▶ _Supplied material_
"""
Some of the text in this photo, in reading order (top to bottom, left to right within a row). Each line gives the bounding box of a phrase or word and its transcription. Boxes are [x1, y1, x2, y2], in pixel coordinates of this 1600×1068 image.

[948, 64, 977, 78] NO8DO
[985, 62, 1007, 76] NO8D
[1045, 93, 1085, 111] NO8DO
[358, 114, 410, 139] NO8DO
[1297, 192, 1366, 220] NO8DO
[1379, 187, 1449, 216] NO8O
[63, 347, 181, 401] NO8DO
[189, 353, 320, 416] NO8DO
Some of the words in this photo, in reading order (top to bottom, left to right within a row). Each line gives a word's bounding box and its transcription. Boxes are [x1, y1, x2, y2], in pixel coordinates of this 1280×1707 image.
"""
"""
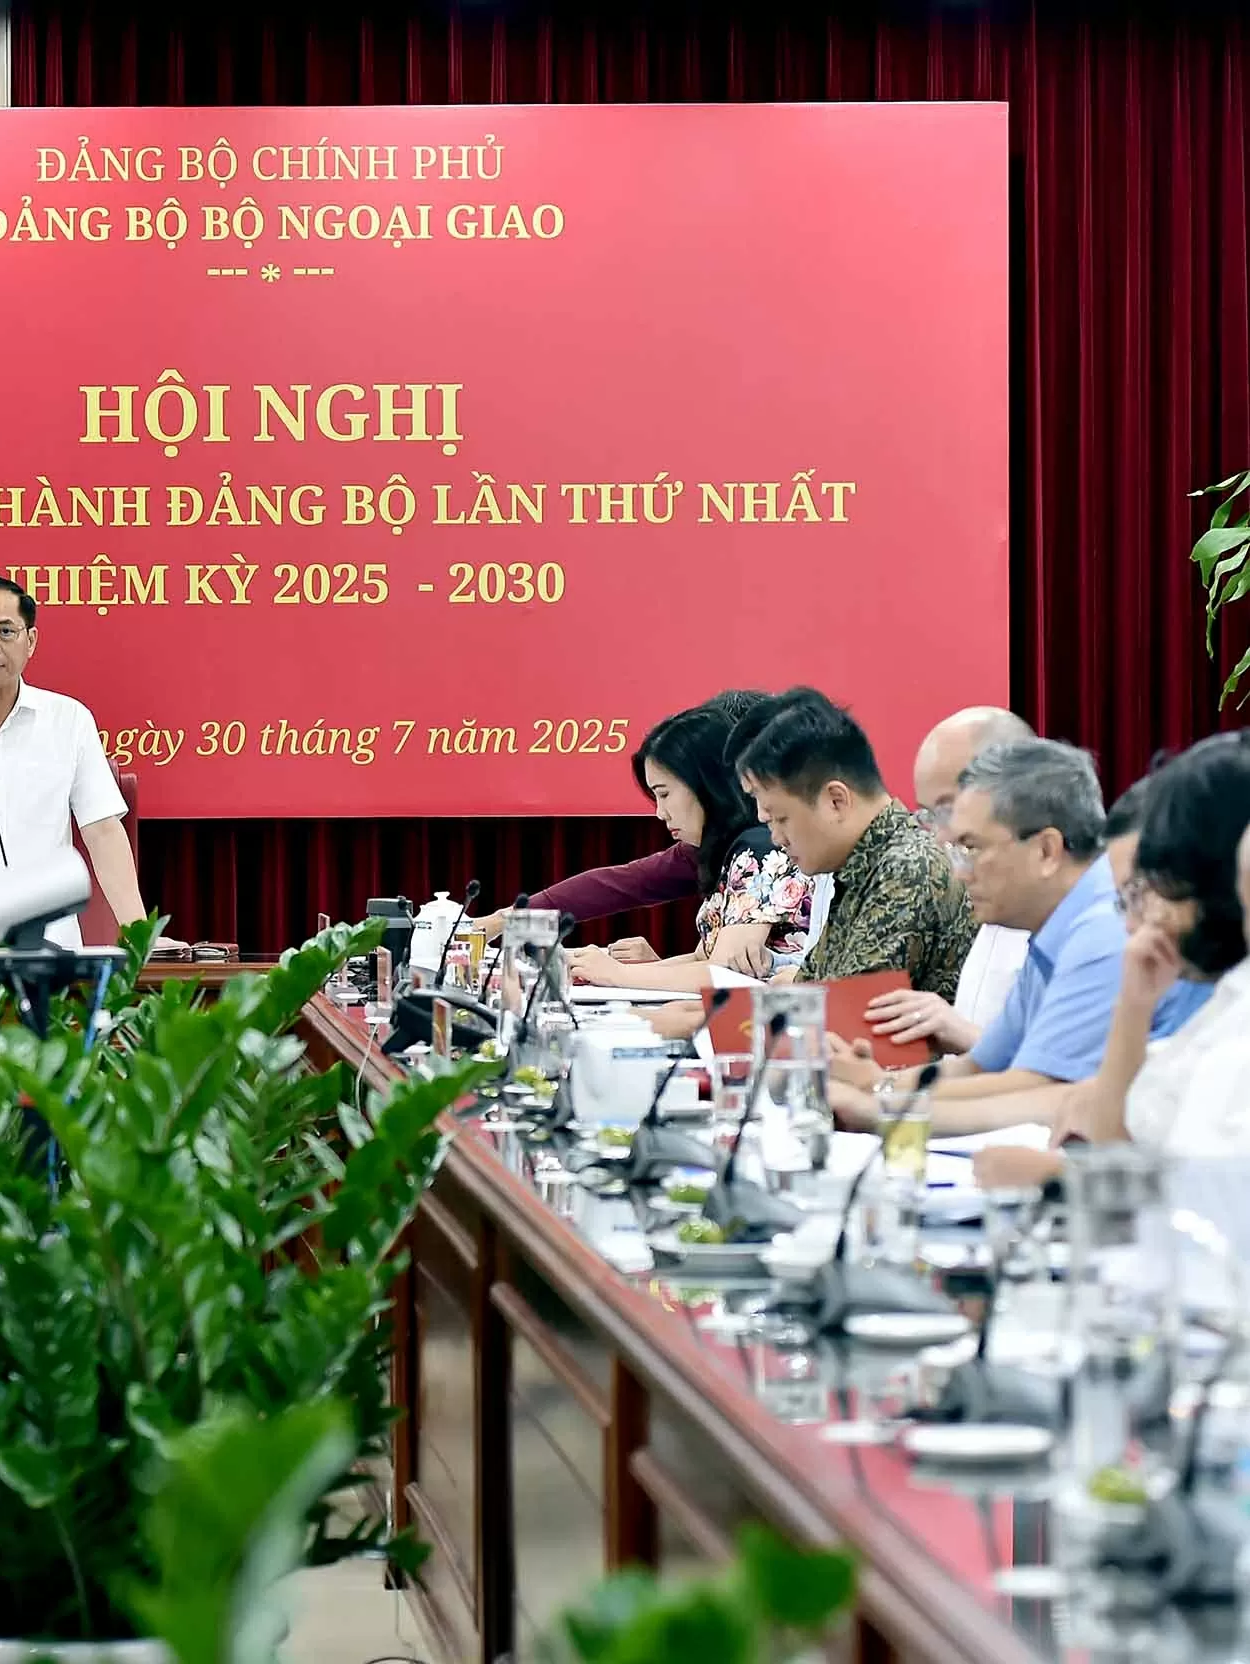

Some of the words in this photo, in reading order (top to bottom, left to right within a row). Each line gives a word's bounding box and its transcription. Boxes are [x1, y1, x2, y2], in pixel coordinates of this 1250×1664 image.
"""
▶ _What you are asked to do_
Show a copy of each line from the data that includes the word "words".

▶ _Response area_
Some of the words in this photo, in reading order (top to bottom, left to right within a row). Each line gives a word's bounding box and its transcription. Boxes are [x1, y1, x2, y2], in pixel coordinates of this 1280×1707 image.
Some of the words in this photo, in reading order (top to bottom, left to right within a row). Each line gives a word's bounding box and its transcription. Boxes are [x1, y1, x2, y2], in pixel coordinates of this 1250×1664 image.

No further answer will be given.